Assigned task | Each entry below should be written out exactly as it is, with no pictures.

(Collected data)

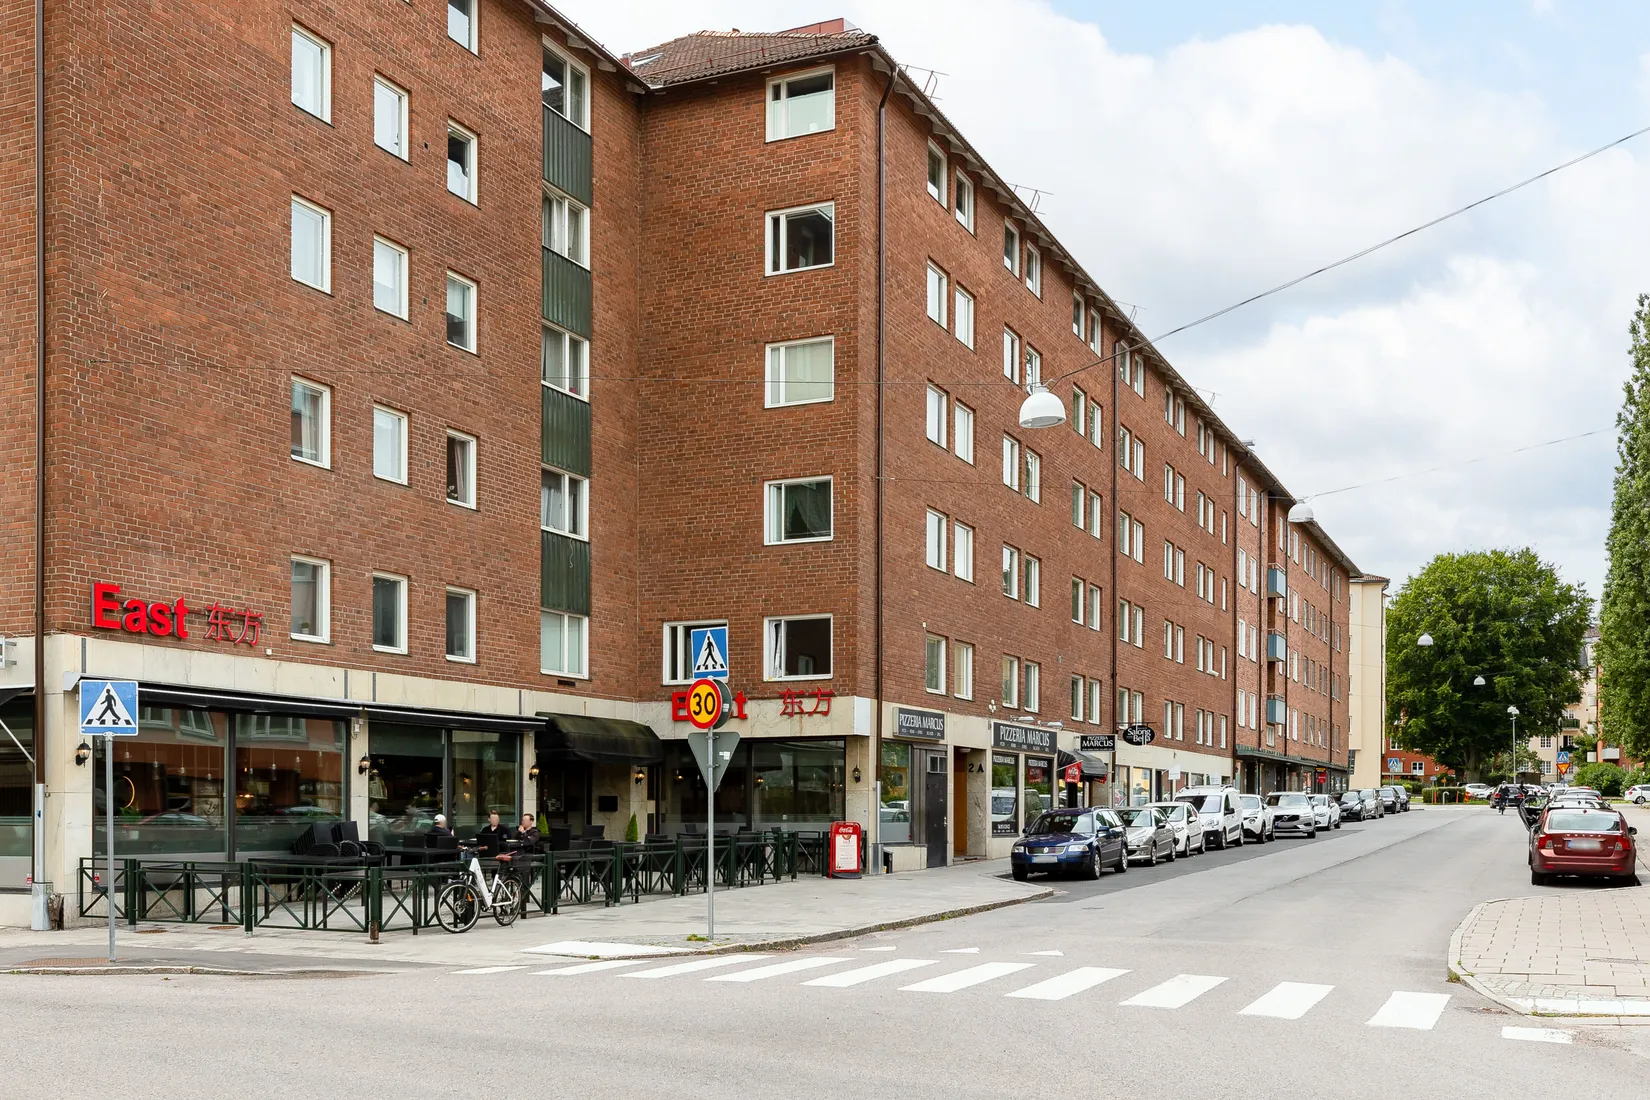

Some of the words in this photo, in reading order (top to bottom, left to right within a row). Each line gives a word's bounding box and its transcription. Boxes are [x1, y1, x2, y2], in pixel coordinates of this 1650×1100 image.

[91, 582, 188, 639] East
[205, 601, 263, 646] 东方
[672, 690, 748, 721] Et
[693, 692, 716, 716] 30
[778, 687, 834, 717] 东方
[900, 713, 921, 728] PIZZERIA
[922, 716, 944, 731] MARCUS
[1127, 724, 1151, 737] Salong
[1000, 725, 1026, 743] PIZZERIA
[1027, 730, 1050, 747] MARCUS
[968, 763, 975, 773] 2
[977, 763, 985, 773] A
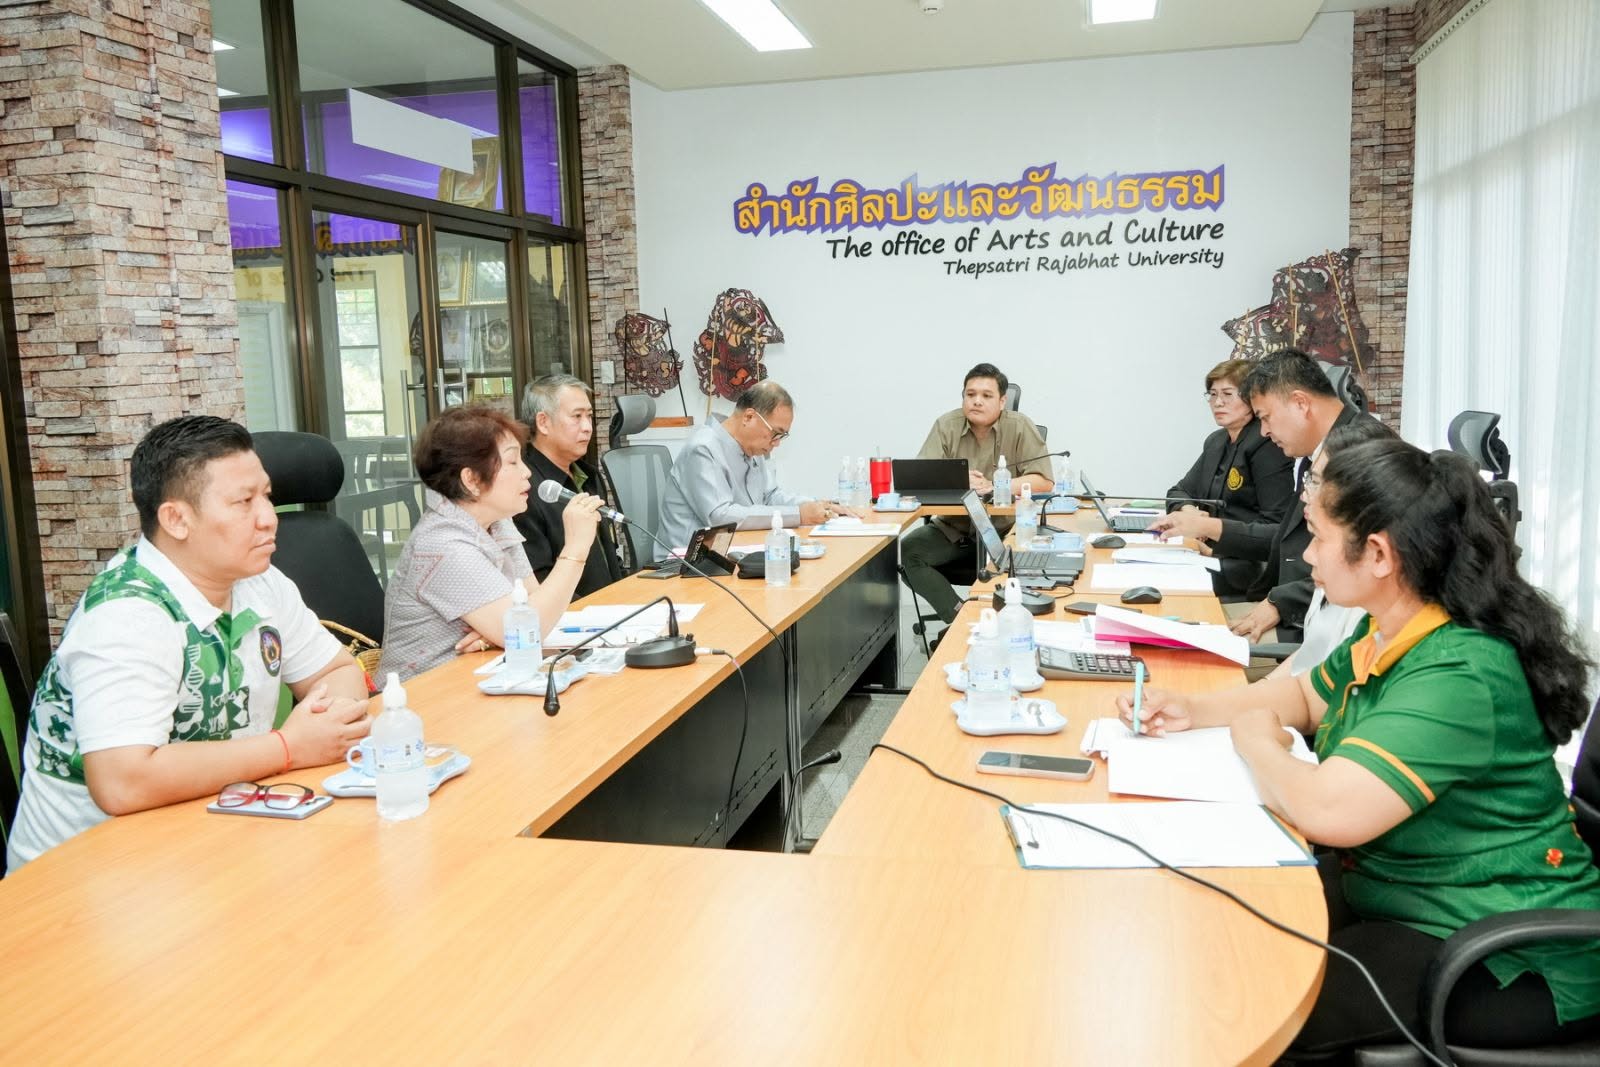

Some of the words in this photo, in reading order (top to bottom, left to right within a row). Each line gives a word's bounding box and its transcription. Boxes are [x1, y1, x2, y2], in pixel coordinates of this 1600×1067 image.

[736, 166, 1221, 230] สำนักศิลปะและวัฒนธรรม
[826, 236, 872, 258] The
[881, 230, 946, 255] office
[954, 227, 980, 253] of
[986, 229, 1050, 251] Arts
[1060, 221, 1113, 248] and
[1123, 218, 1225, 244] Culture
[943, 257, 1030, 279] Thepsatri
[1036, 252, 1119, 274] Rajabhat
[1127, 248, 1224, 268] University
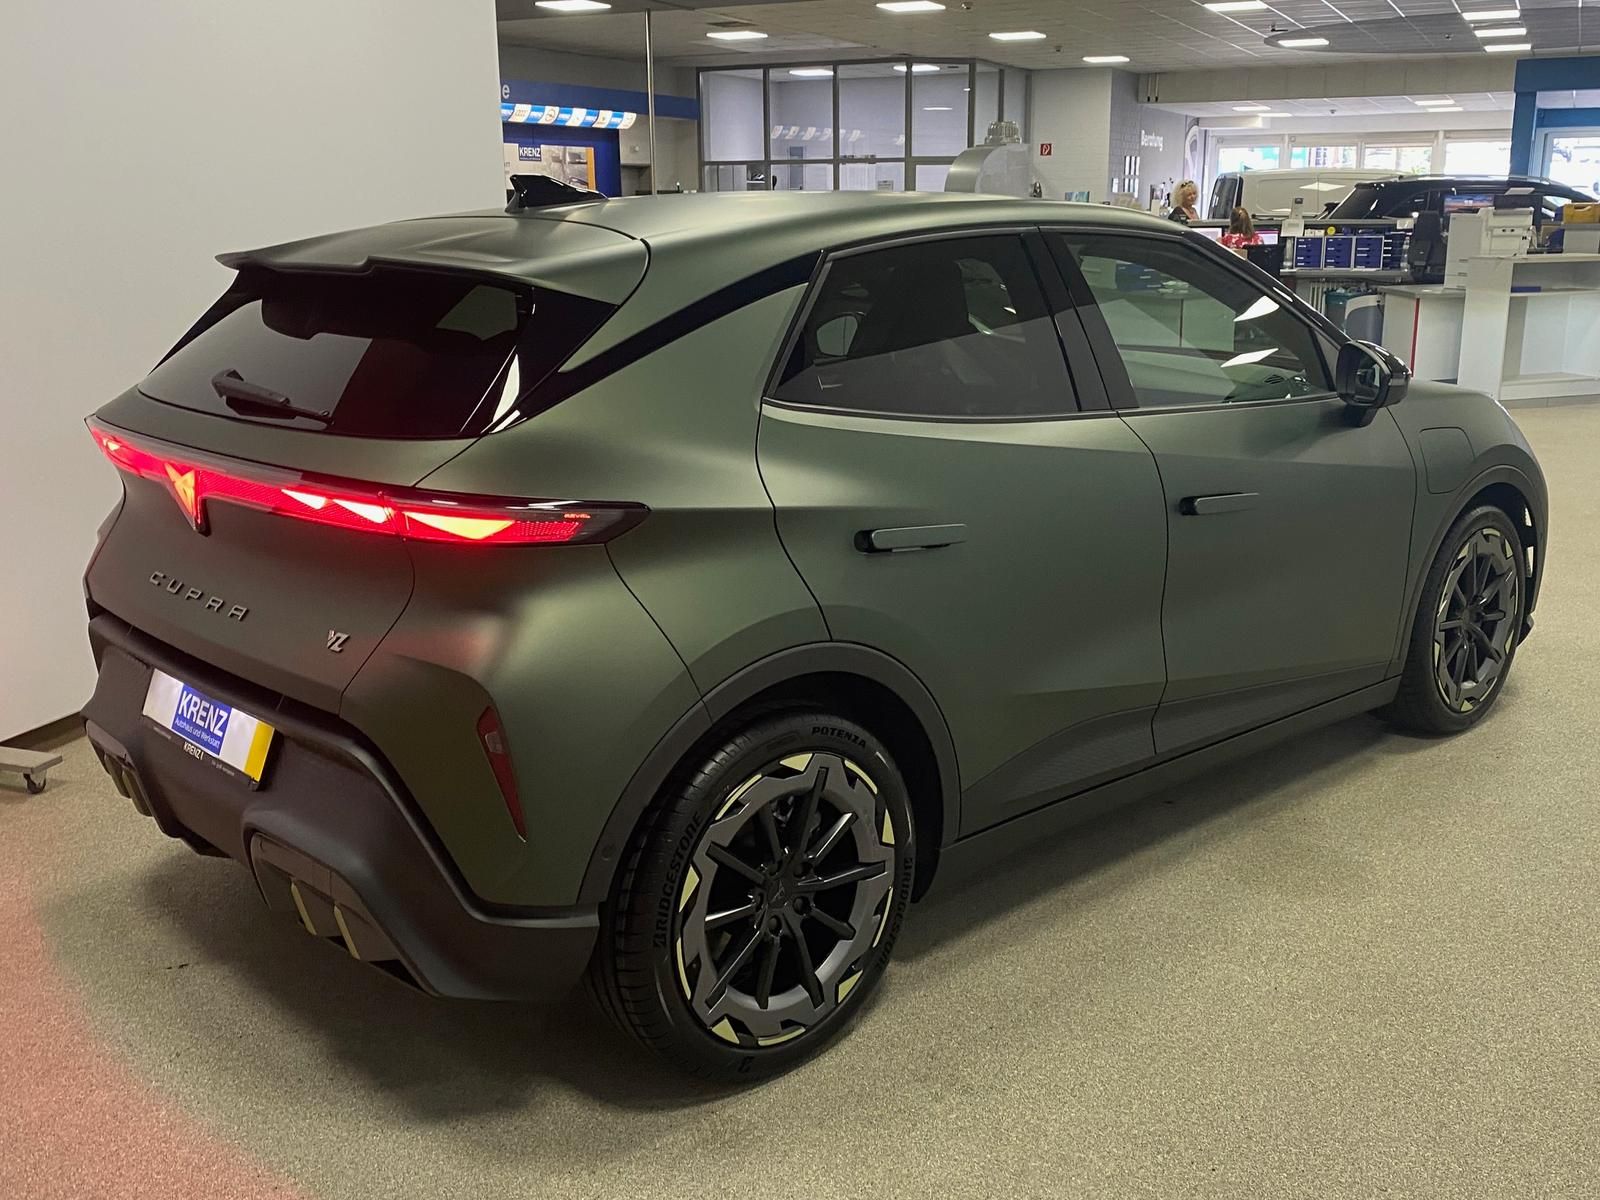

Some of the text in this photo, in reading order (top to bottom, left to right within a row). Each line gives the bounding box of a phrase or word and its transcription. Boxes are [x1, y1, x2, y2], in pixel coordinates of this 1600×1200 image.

Task solution |
Some of the words in this photo, in reading order (top to bottom, left to right within a row). Each line gives a word's bounding box and its transcription. Boxes are [x1, y1, x2, y2], in pixel coordinates of this 1650×1100 image.

[91, 582, 188, 639] East
[205, 601, 263, 646] 东方
[672, 690, 748, 721] Et
[693, 692, 716, 716] 30
[778, 687, 834, 717] 东方
[900, 713, 921, 728] PIZZERIA
[922, 716, 944, 731] MARCUS
[1127, 724, 1151, 737] Salong
[1000, 725, 1026, 743] PIZZERIA
[1027, 730, 1050, 747] MARCUS
[968, 763, 975, 773] 2
[977, 763, 985, 773] A

Some of the words in this photo, in reading order (top to bottom, left to right within a row). Each line gives a word's bounding box and its transcription. Boxes are [x1, y1, x2, y2], in pixel coordinates of this 1600×1067 image.

[736, 166, 1221, 230] สำนักศิลปะและวัฒนธรรม
[826, 236, 872, 258] The
[881, 230, 946, 255] office
[954, 227, 980, 253] of
[986, 229, 1050, 251] Arts
[1060, 221, 1113, 248] and
[1123, 218, 1225, 244] Culture
[943, 257, 1030, 279] Thepsatri
[1036, 252, 1119, 274] Rajabhat
[1127, 248, 1224, 268] University

Some of the text in this photo, in reading order (top to bottom, left to right within a row). Each line gives the bounding box of a phrase or word and its transcription. Boxes are [x1, y1, x2, y2], in pixel coordinates of this 1600×1200 image.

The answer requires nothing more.